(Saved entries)
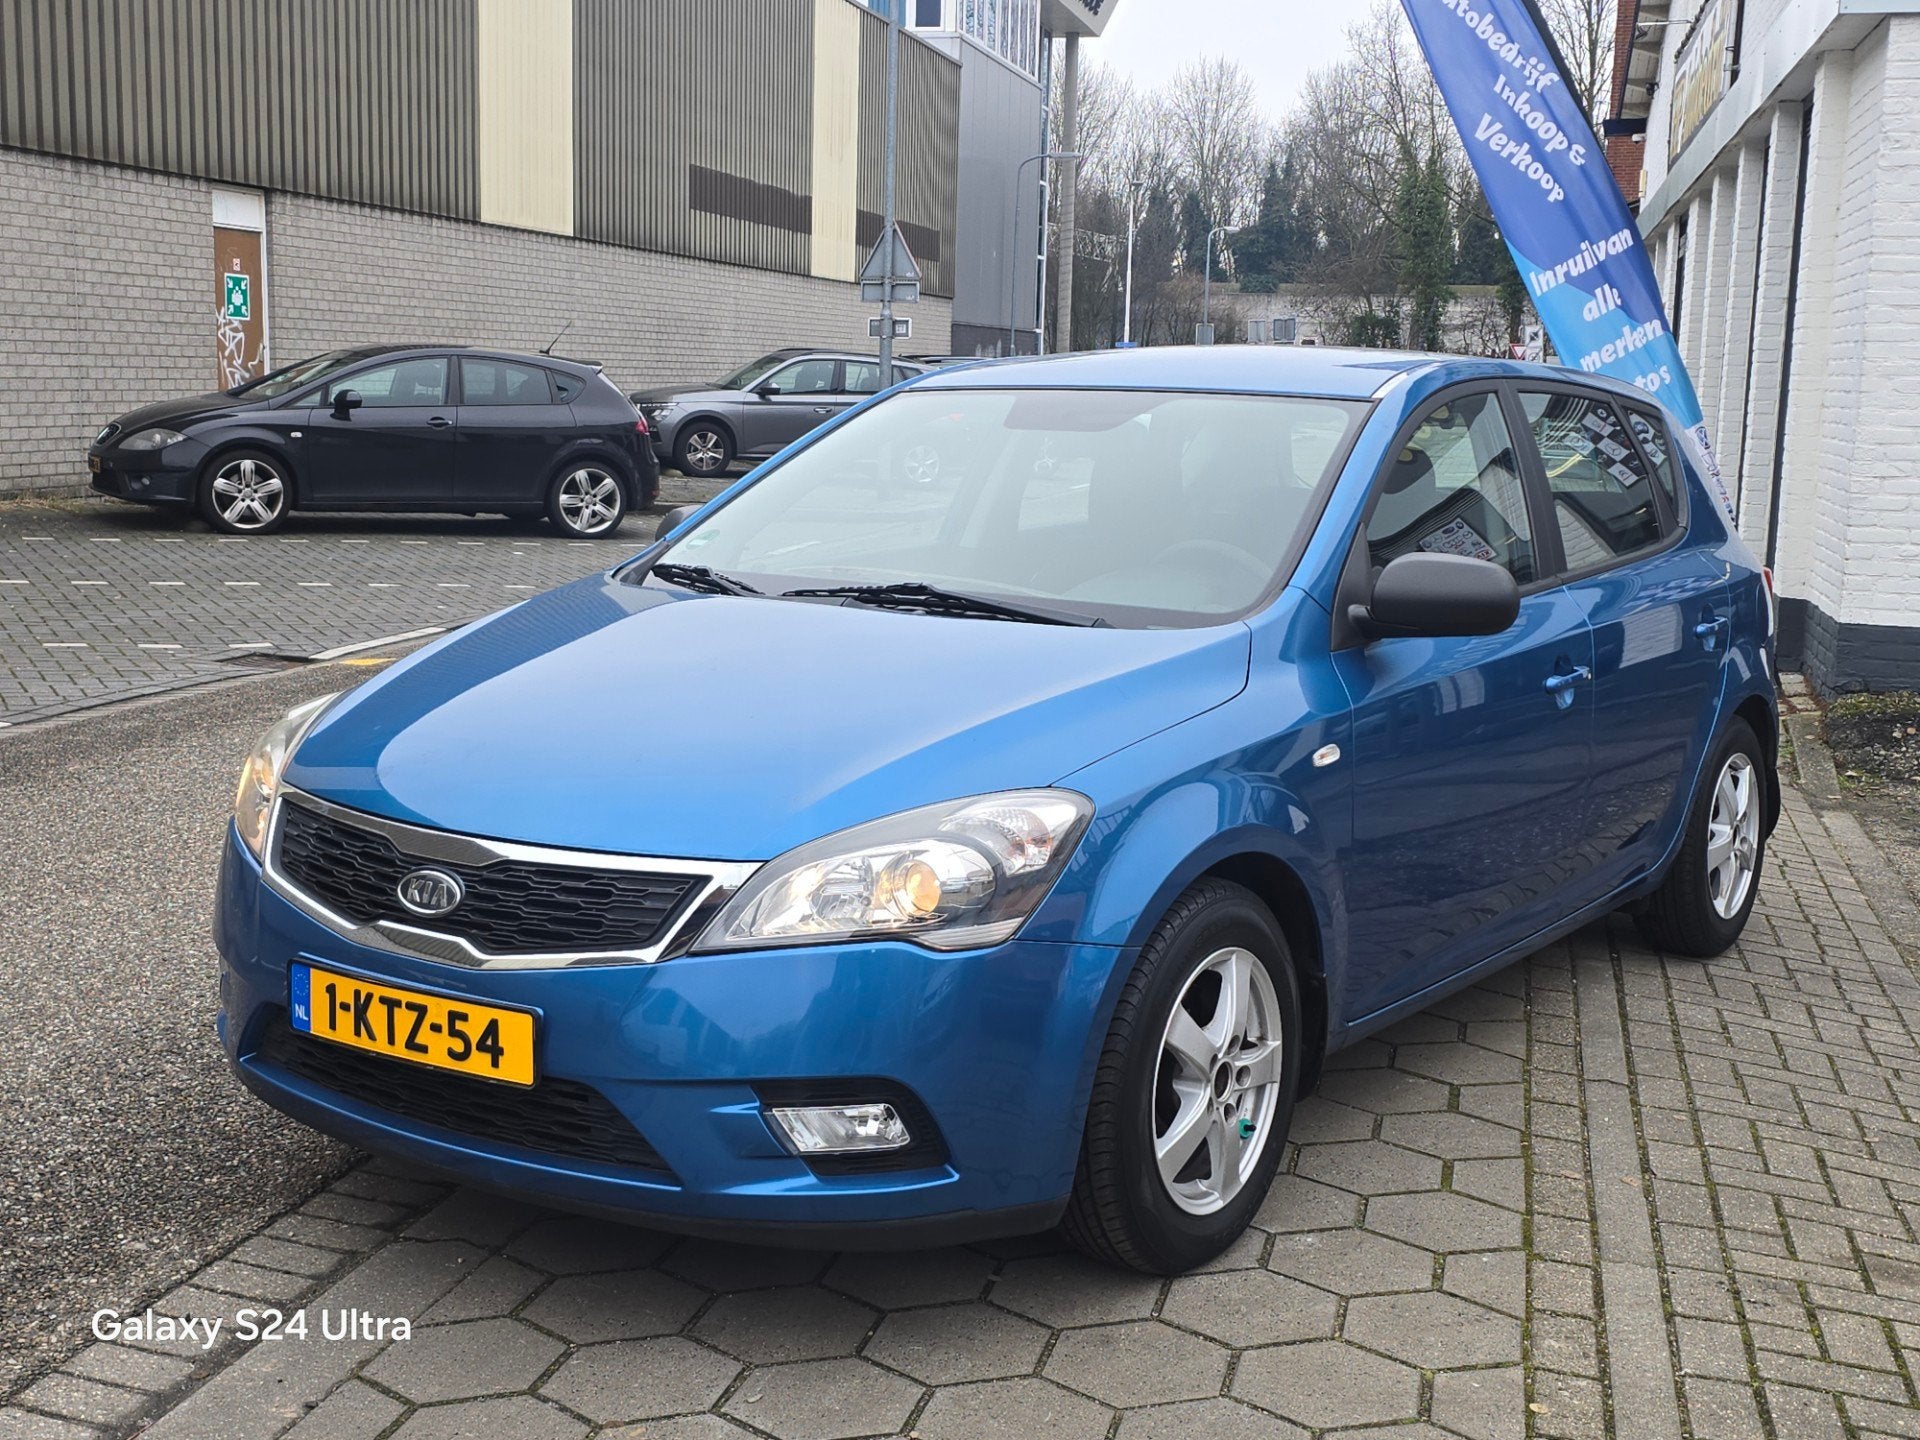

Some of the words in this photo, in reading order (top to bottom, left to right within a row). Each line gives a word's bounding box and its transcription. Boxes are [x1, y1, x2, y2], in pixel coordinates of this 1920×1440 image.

[1474, 113, 1565, 202] Verkoop
[1583, 283, 1622, 322] alle
[1580, 319, 1664, 373] merken
[406, 878, 448, 907] KIA
[295, 1005, 309, 1021] NL
[325, 982, 504, 1069] 1-KTZ-54
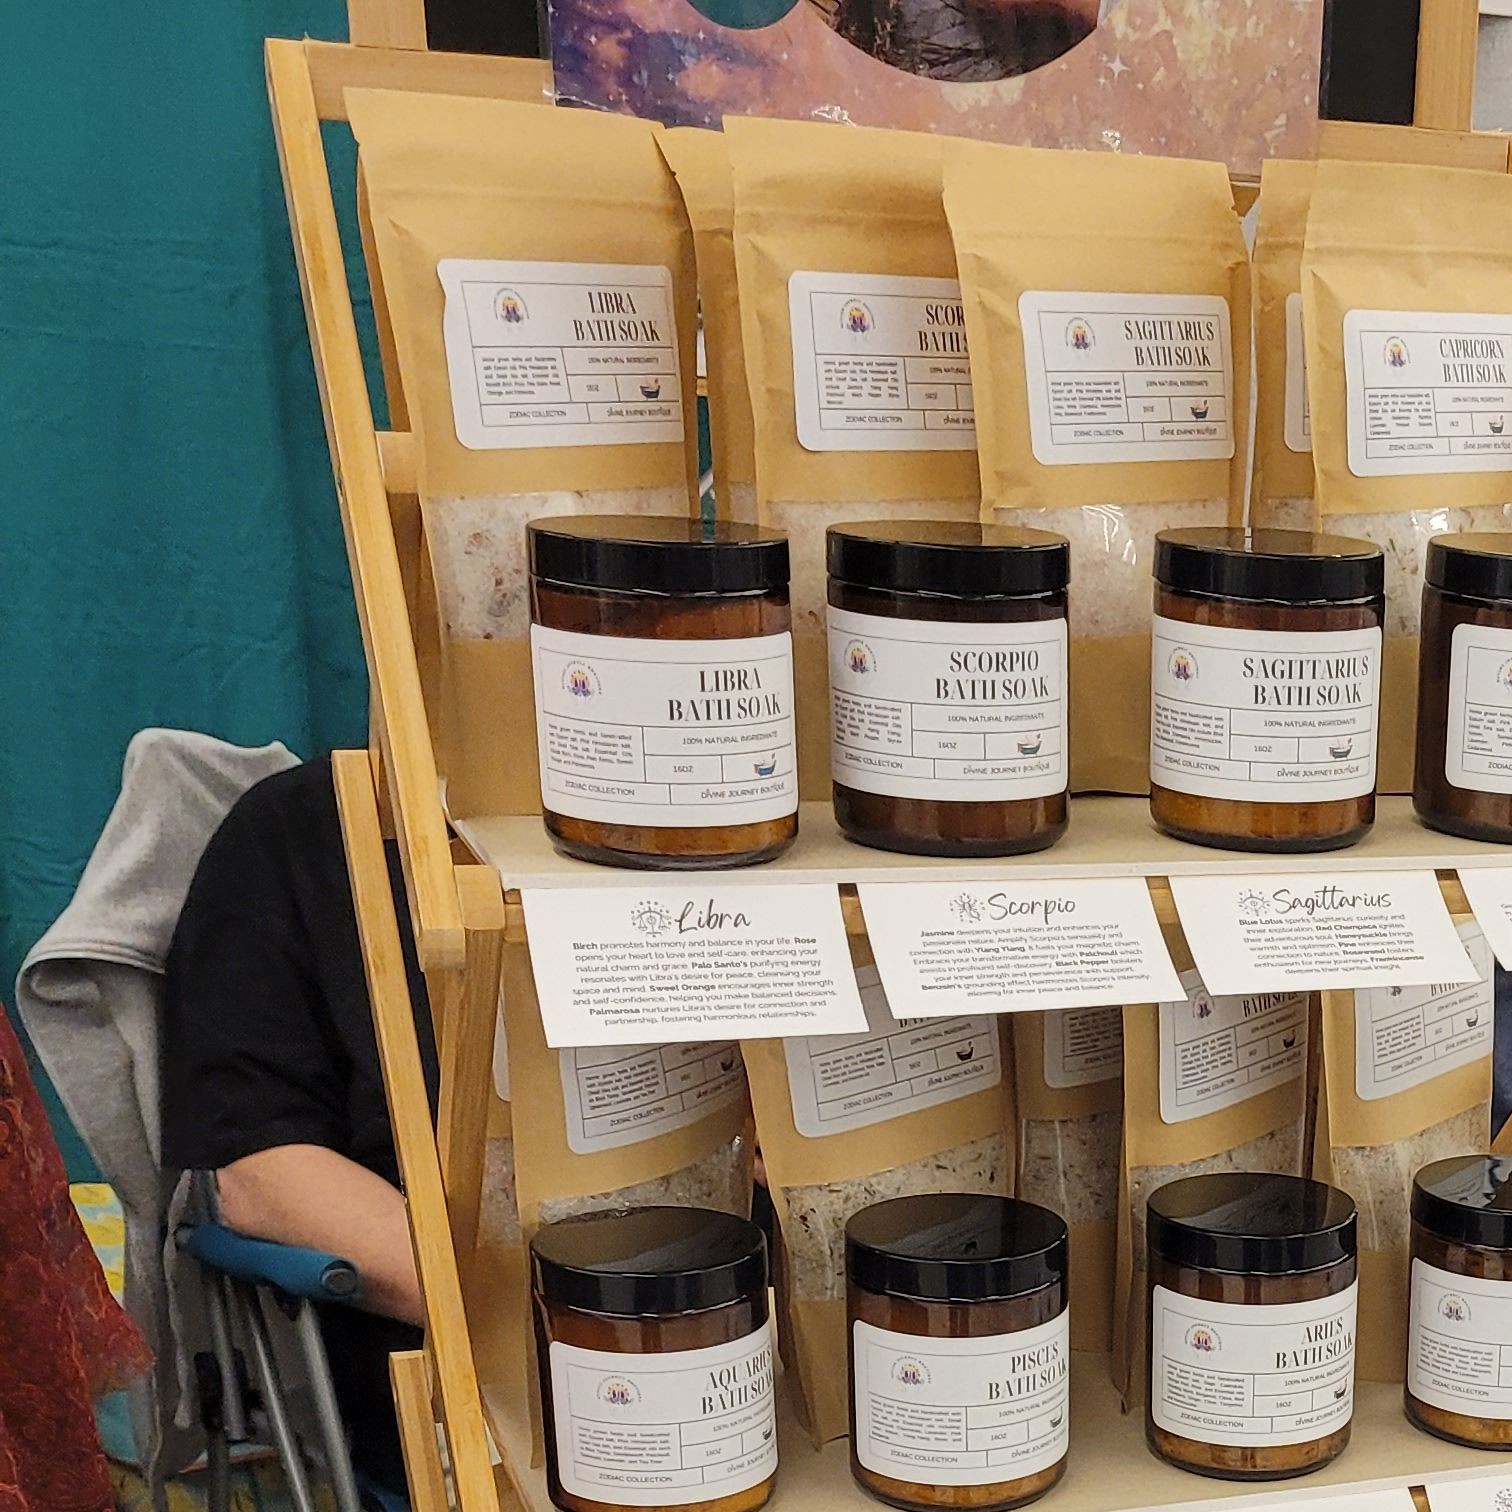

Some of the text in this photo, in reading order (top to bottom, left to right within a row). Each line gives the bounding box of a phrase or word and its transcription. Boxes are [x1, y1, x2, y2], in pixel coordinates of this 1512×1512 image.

_PROBLEM DETAILS_:
The images are to be left out while the entries are written out exactly.

_EXERCISE RESPONSE_:
Some of the words in this photo, in reading order (top to bottom, left to right within a row). Each line gives a word's bounding box and its transcription. Boxes are [x1, y1, x2, y2], in pixel coordinates of this 1920×1440 image.

[1474, 113, 1565, 202] Verkoop
[1583, 283, 1622, 322] alle
[1580, 319, 1664, 373] merken
[406, 878, 448, 907] KIA
[295, 1005, 309, 1021] NL
[325, 982, 504, 1069] 1-KTZ-54

Some of the text in this photo, in reading order (top to bottom, left to right within a row). Each line gives the bounding box of a phrase or word and its transcription. Boxes are [x1, y1, x2, y2], in pixel coordinates of this 1512×1512 image.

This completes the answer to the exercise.